作家作品集网(我的作家梦)
我的作家梦
大民
我读高二的时候,刘晓庆《我的路》发表,引起不小争议,被天津的《小说月报》杂志转载后,我就邮购了一本。班主任好奇心太重,替我拆封了,看完了还给我。批评我不要学习刘晓庆,搞个人奋斗啊。当时心里不服气。
很多年后班主任告诉我,他当时知道我作文好,喜欢文学,也经常投稿,这次看见来了杂志社的大信封,以为是有大作发表了,特别高兴,就没有控制住自己的好奇心给打开看了。一看不是发表,有些失落。不过爱好文学,长大了当作家,的确是我儿时的梦想。
我父亲是教师,家里偶尔会有文字的读物,最常见的就是《山东教育》杂志。记得印象最深刻的就是,那些杂志的封面人物长得特别相似,仿佛是一家人,都是瘦子,长脸,有的眼神迷离,有的羞涩拘谨,后来的影视剧里的右派分子,基本上是这个样子。后来明白,那就是教师气质。因为老师们很少有机会照相,所以不太放松;又因为是摄影师统一拍封面照片,估计又把摄影师的审美和技术融合进去了。

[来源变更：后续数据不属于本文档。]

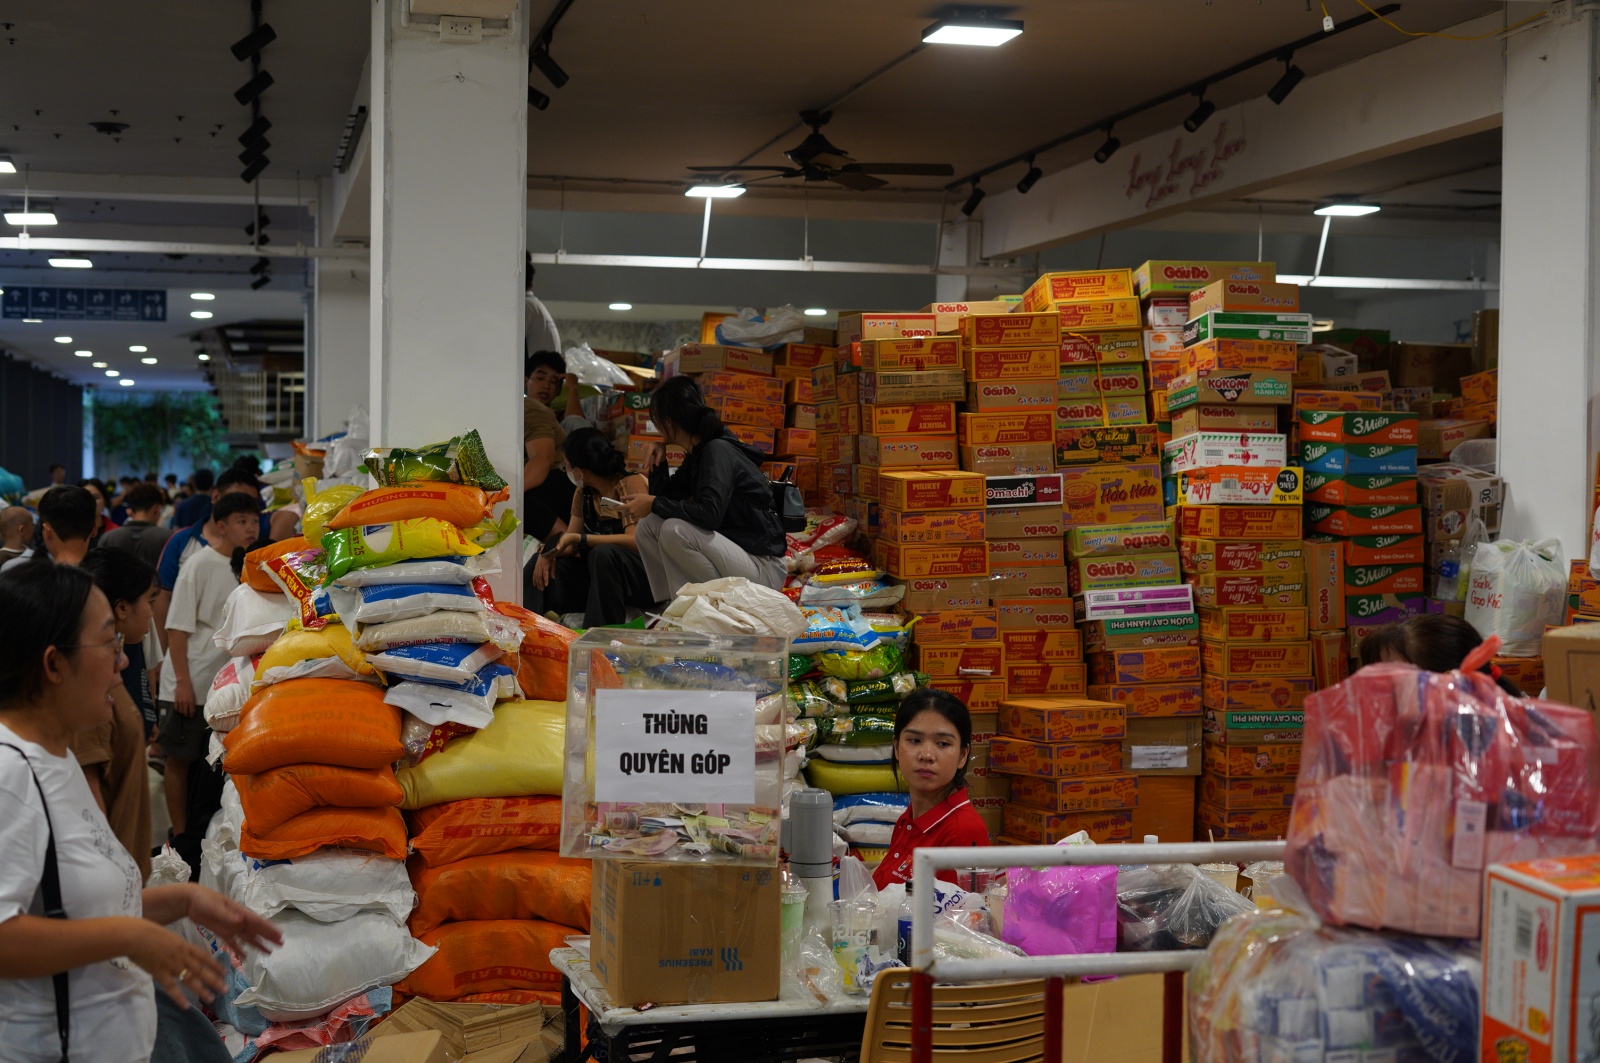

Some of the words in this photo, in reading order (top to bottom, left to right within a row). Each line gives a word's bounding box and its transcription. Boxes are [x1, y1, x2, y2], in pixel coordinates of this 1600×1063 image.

[1069, 278, 1102, 286] MILIKET
[999, 318, 1030, 327] MILIKET
[999, 352, 1030, 361] MILIKET
[1207, 379, 1250, 390] KOKOMI
[1274, 382, 1287, 390] CAY
[1225, 389, 1238, 399] 90
[919, 422, 946, 430] MILIKET
[1000, 431, 1029, 440] MILIKET
[1403, 433, 1413, 441] Cay
[1286, 474, 1296, 482] 03
[912, 483, 940, 491] MILIKET
[1241, 482, 1274, 495] A-One
[986, 486, 1029, 499] Omachi
[1101, 485, 1129, 504] Hảo
[1130, 480, 1158, 497] Hảo
[1482, 488, 1492, 503] 30
[1243, 511, 1272, 519] MILIKET
[934, 564, 963, 573] MILIKET
[1470, 590, 1485, 609] Gạo
[1151, 618, 1168, 627] CAY
[1247, 614, 1281, 622] MILIKET
[941, 621, 955, 631] Hảo
[957, 618, 973, 628] Hảo
[1110, 621, 1125, 629] PHI
[1143, 636, 1155, 645] 90
[1157, 634, 1187, 643] KOKOMI
[1249, 650, 1281, 658] MILIKET
[643, 710, 708, 736] THÙNG
[1233, 714, 1247, 723] PHI
[1274, 714, 1290, 723] CAY
[620, 749, 684, 776] QUYÊN
[691, 750, 731, 775] GÓP
[690, 948, 713, 956] KABI
[659, 960, 713, 968] FRESENIUS
[511, 968, 556, 981] HƠM

总之,那时候的爱好就是文学,不知不觉间到了痴迷的程度。因为喜欢阅读一切可以找到的课外读物,也每天豪情万丈写小说,长的,短的,上课的时候也经常构思小说情节,琢磨小说语言,思接千载,浮想联翩,就耽误了不少功课,到了初三的最后一个学期,竟然自作主张提前回家搞创作去了。白天给生产队放牛,牛在前边走,我跟着。一开始是我拽着老牛走,一个大爷嘲笑我,说老牛是犟脾气,你越拽,它越不走。所以要在后边撵着走。走慢了,就用腊条子抽打它的屁股。我把从公社文化站借来的小说装进网兜里,网兜挂在脖子上,外边穿一件小褂。我不想让别人我带着文学书去放牛。我跟在老牛的后边去村子东边的河滩上,就把牛放开了自行吃草,我则在树荫下专心读书。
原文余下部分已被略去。